# Problem statement:
Every entry must be set down exactly in the answer; no pictures should appear.

Image-backed grounding data:
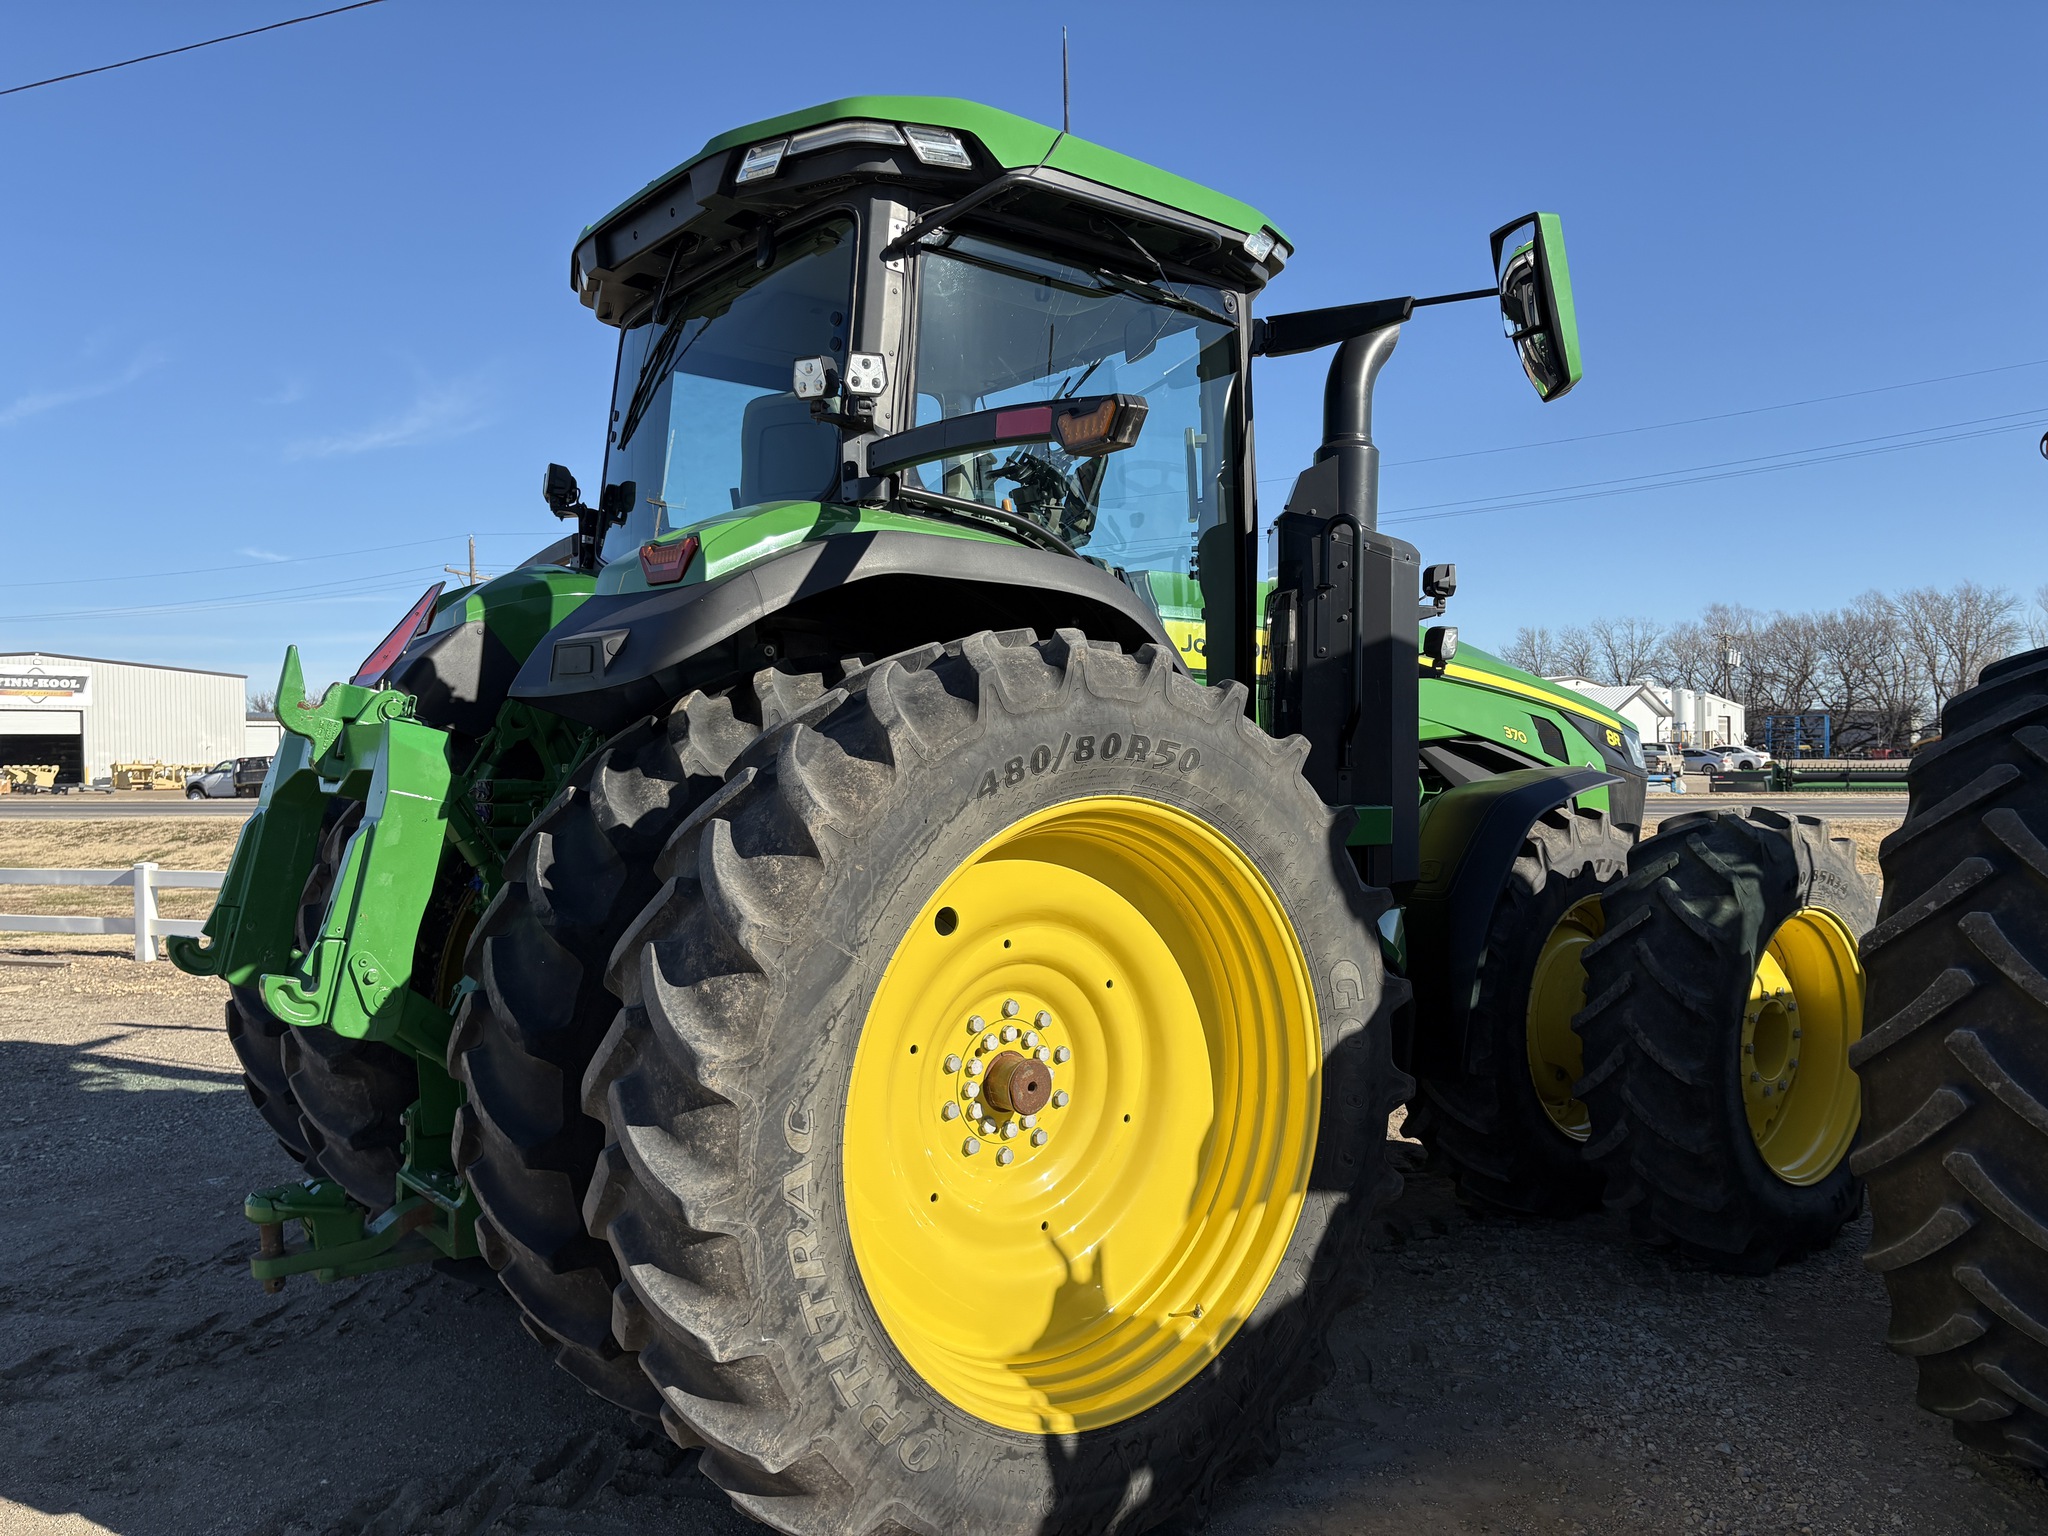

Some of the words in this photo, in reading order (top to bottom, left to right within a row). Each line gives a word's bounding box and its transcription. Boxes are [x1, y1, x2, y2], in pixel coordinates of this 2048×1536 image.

[0, 677, 80, 689] INN-KOOL
[1503, 725, 1528, 744] 370
[1605, 729, 1621, 747] 8R
[976, 731, 1202, 801] 480/80R50
[781, 1099, 942, 1474] OPTITRAC
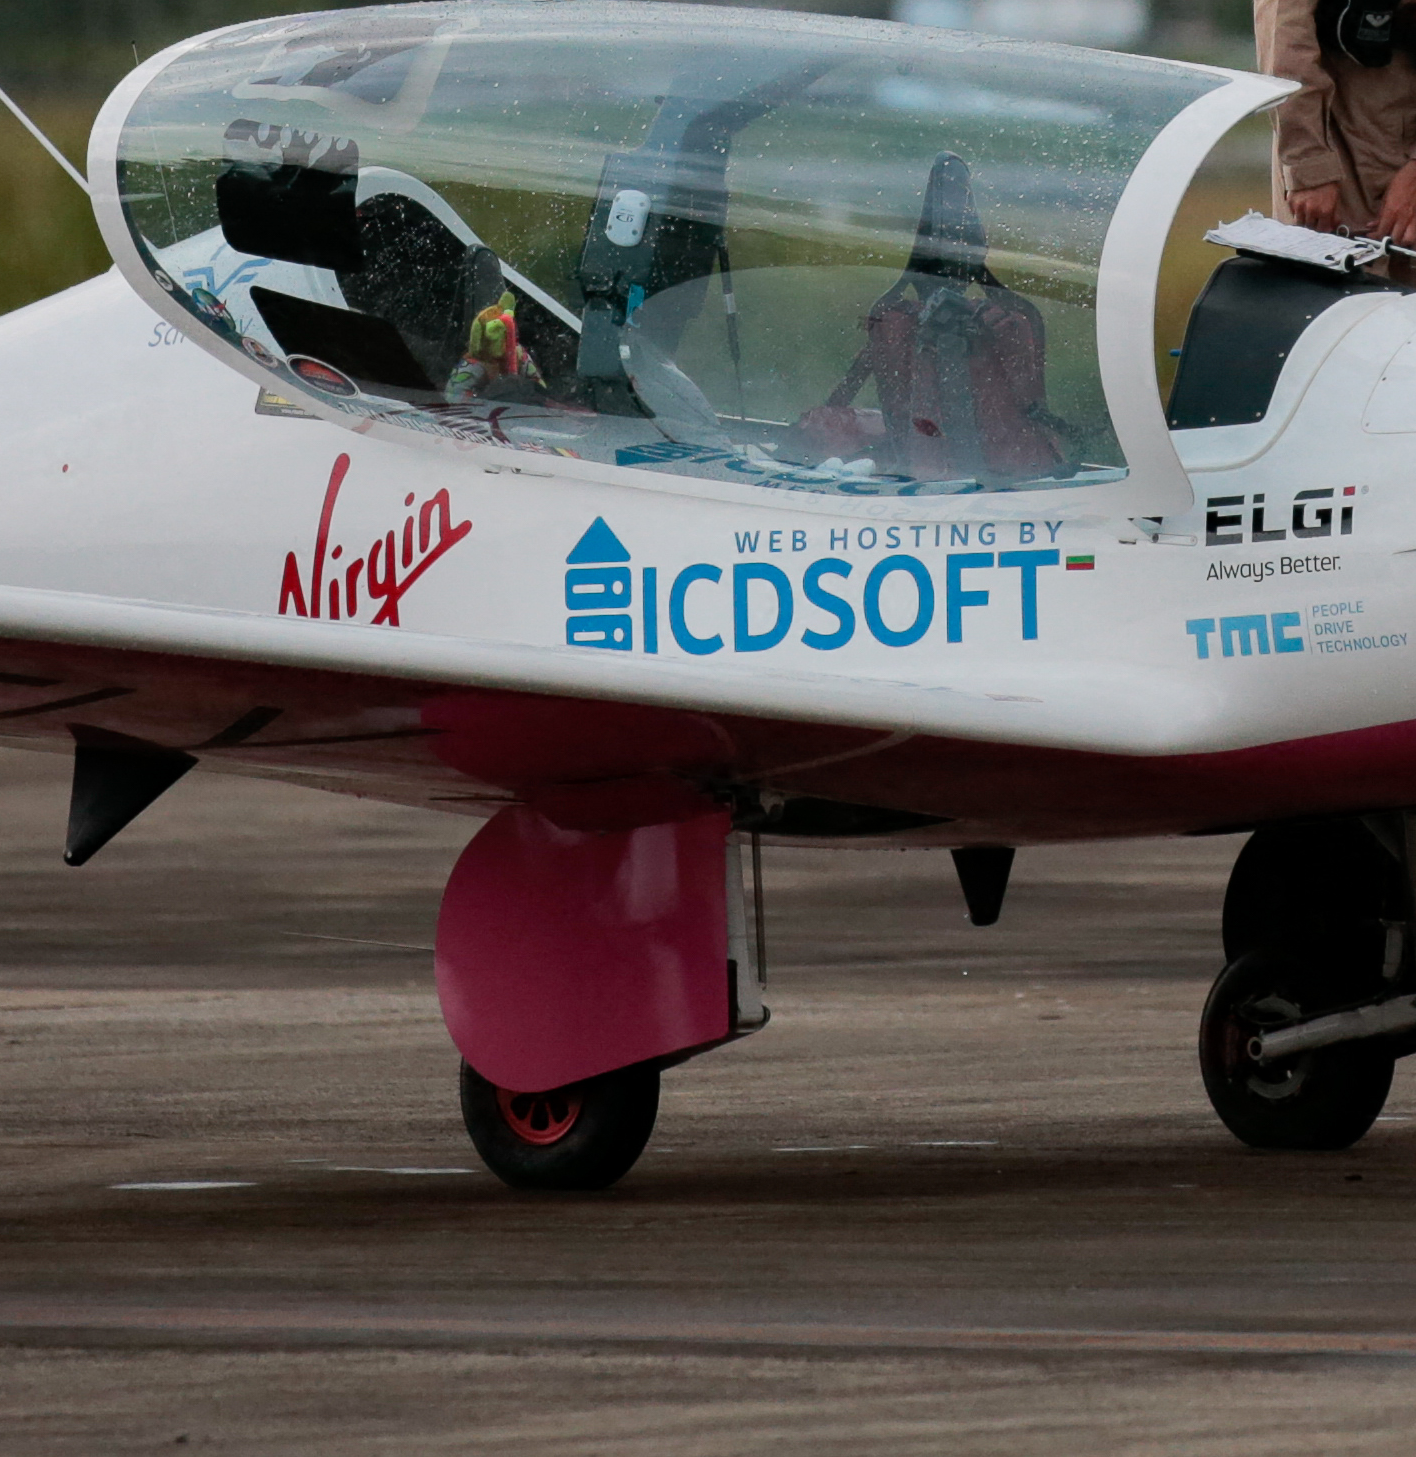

# Reply to the task:
Some of the words in this photo, in reading order (top to bottom, left to right within a row). Each line gives a word's bounding box and its transcription. Boxes are [x1, y1, x2, y2], in pixel coordinates of this 2048×1536 image.

[0, 677, 80, 689] INN-KOOL
[1503, 725, 1528, 744] 370
[1605, 729, 1621, 747] 8R
[976, 731, 1202, 801] 480/80R50
[781, 1099, 942, 1474] OPTITRAC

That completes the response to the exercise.